─── Data shown ───

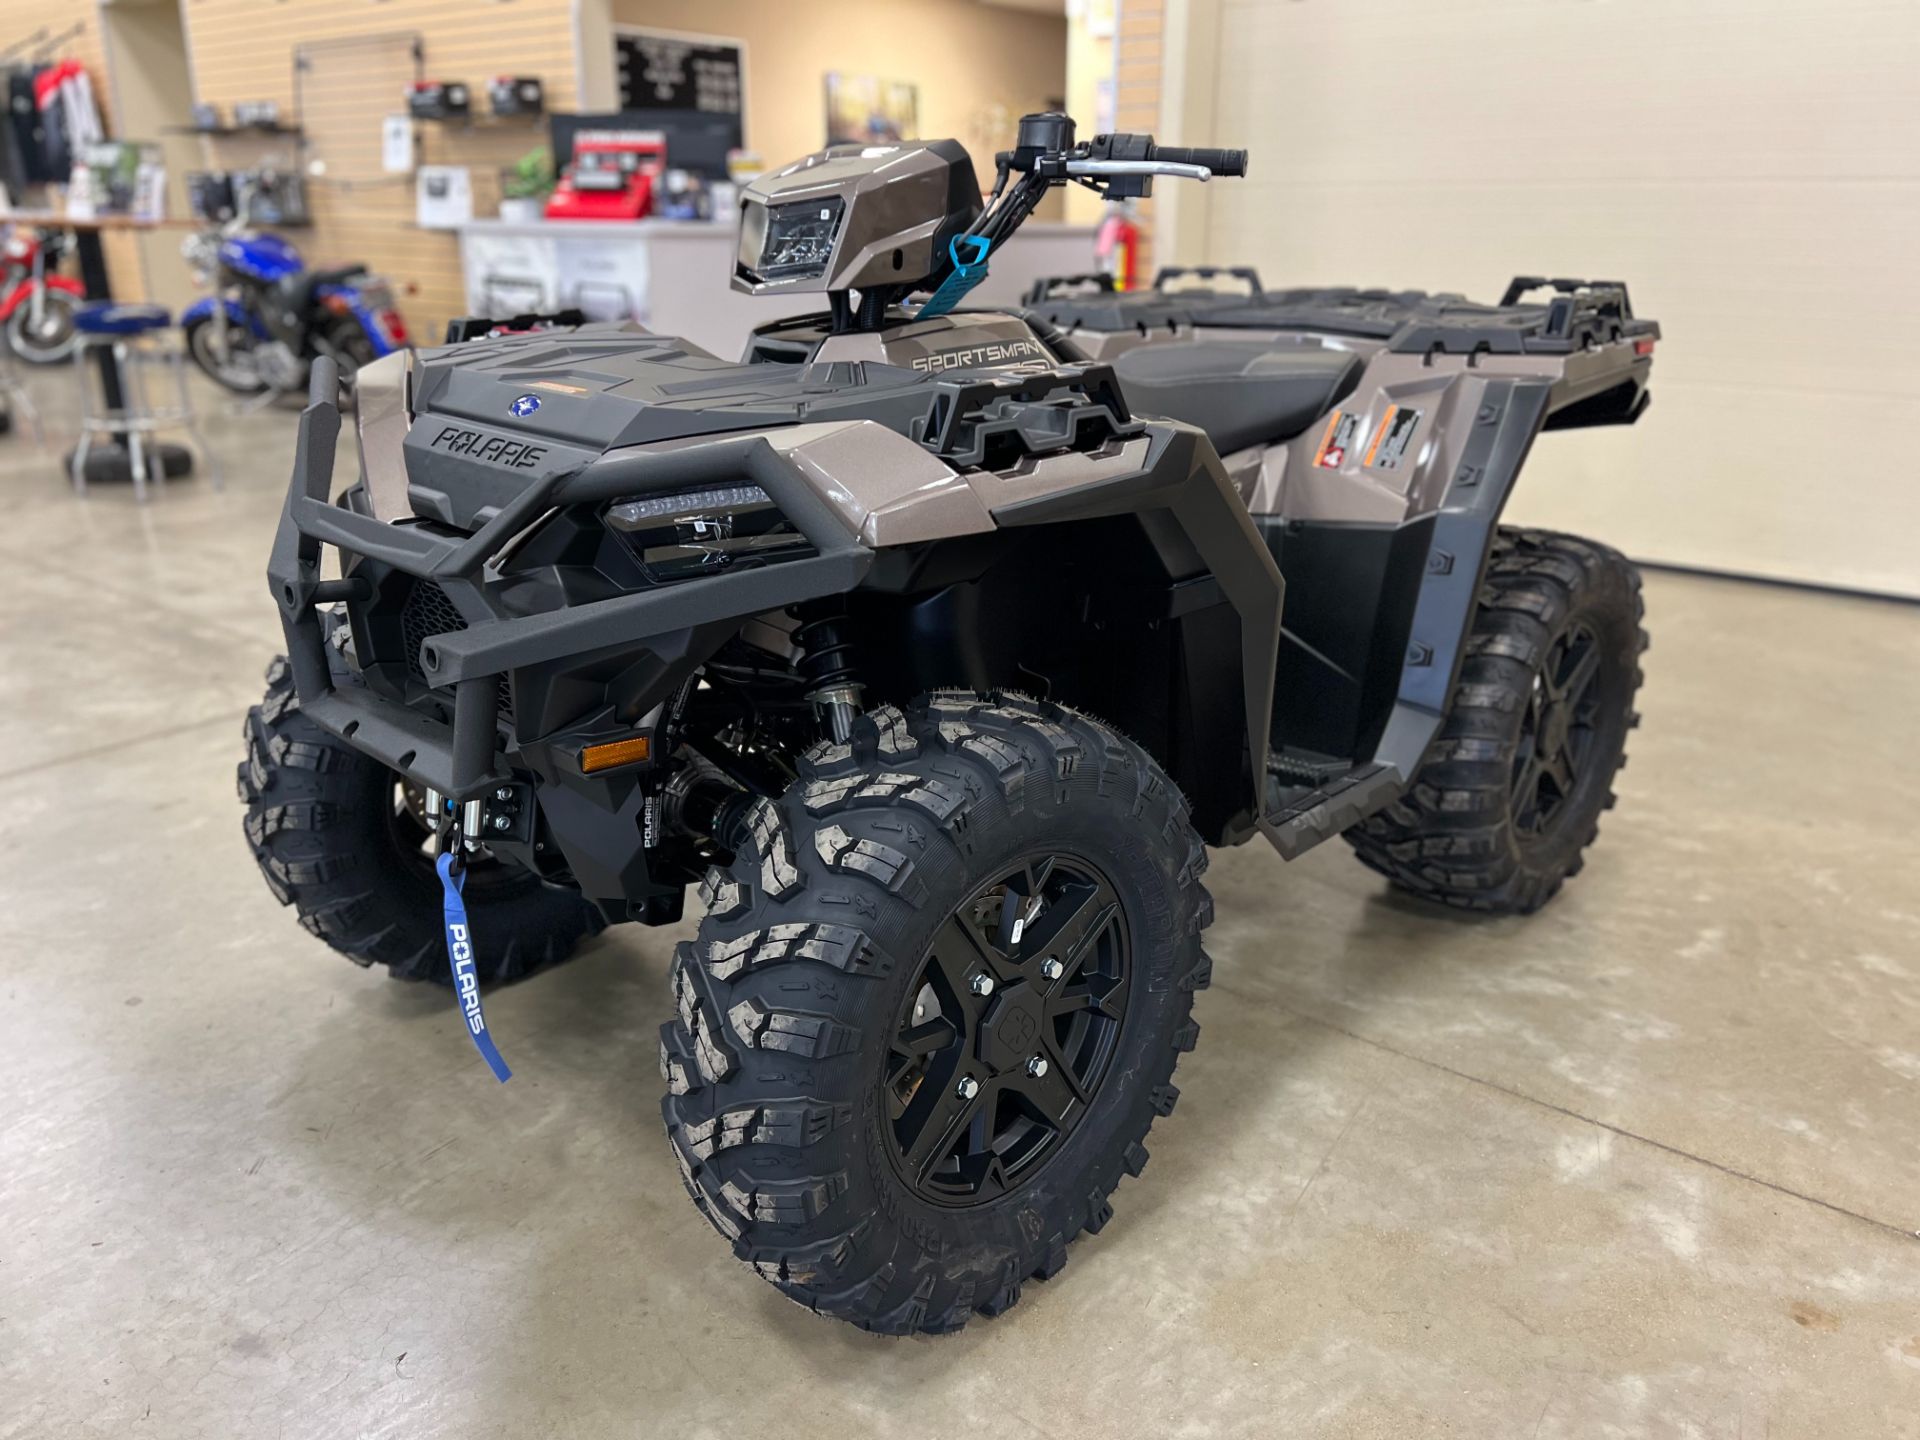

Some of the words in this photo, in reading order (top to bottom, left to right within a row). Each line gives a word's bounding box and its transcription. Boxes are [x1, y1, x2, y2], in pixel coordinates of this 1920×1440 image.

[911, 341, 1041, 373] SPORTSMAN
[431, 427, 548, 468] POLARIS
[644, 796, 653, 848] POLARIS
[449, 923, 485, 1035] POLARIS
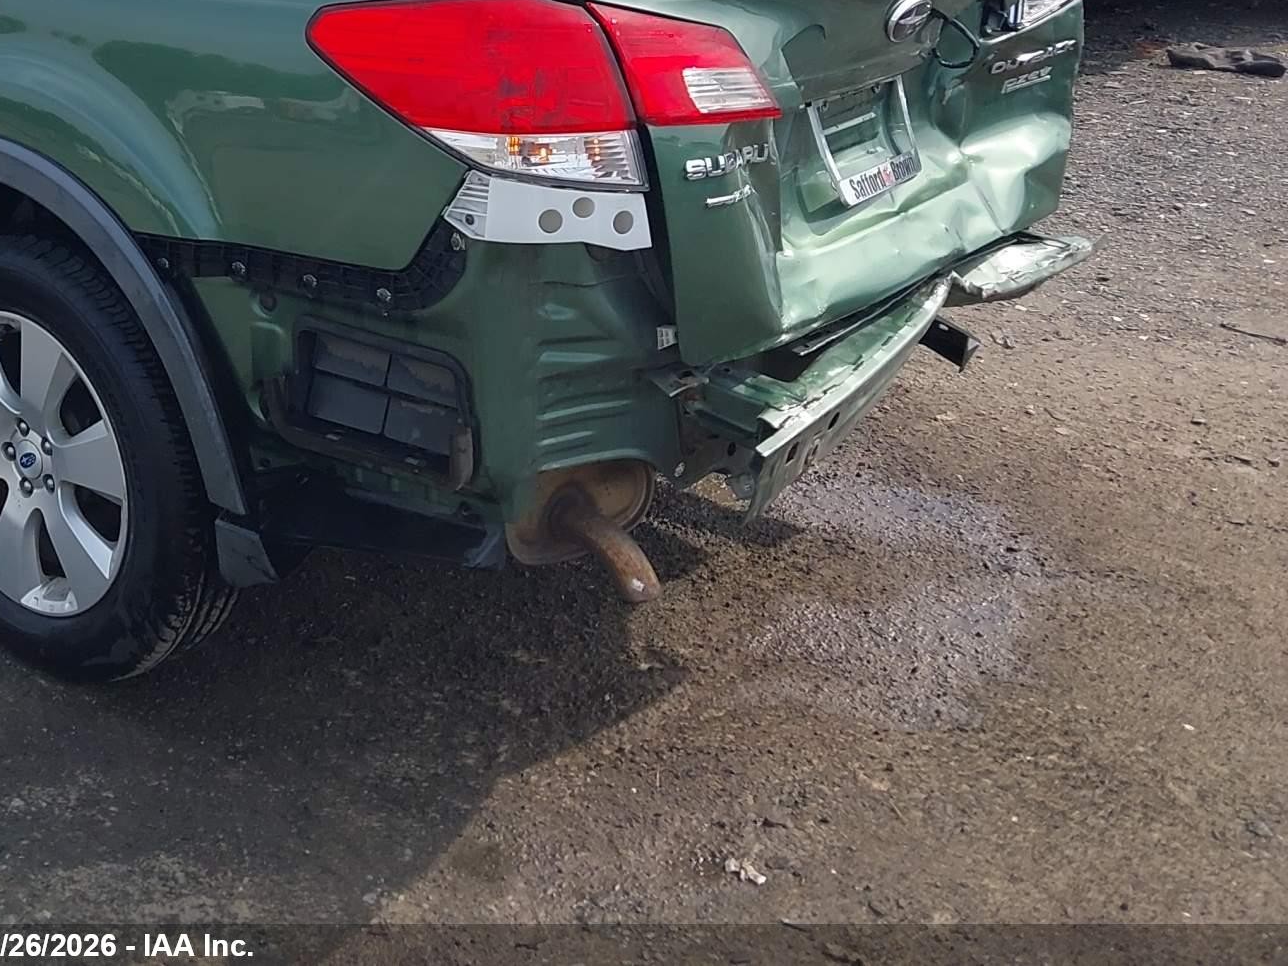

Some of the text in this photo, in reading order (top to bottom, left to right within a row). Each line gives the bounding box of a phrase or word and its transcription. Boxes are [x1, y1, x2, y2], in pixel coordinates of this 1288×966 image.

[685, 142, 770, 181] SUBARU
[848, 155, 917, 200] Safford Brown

───

**Task goal**
The material above should be repeated word for word, with every picture omitted.

**Written response**
Some of the words in this photo, in reading order (top to bottom, left to right within a row). Each line gives a word's bounding box and its transcription. Boxes are [x1, y1, x2, y2], in pixel coordinates of this 1920×1440 image.

[911, 341, 1041, 373] SPORTSMAN
[431, 427, 548, 468] POLARIS
[644, 796, 653, 848] POLARIS
[449, 923, 485, 1035] POLARIS

Some of the text in this photo, in reading order (top to bottom, left to right within a row). Each line gives the bounding box of a phrase or word and its transcription. Boxes are [x1, y1, x2, y2], in pixel coordinates of this 1288×966 image.

[685, 142, 770, 181] SUBARU
[848, 155, 917, 200] Safford Brown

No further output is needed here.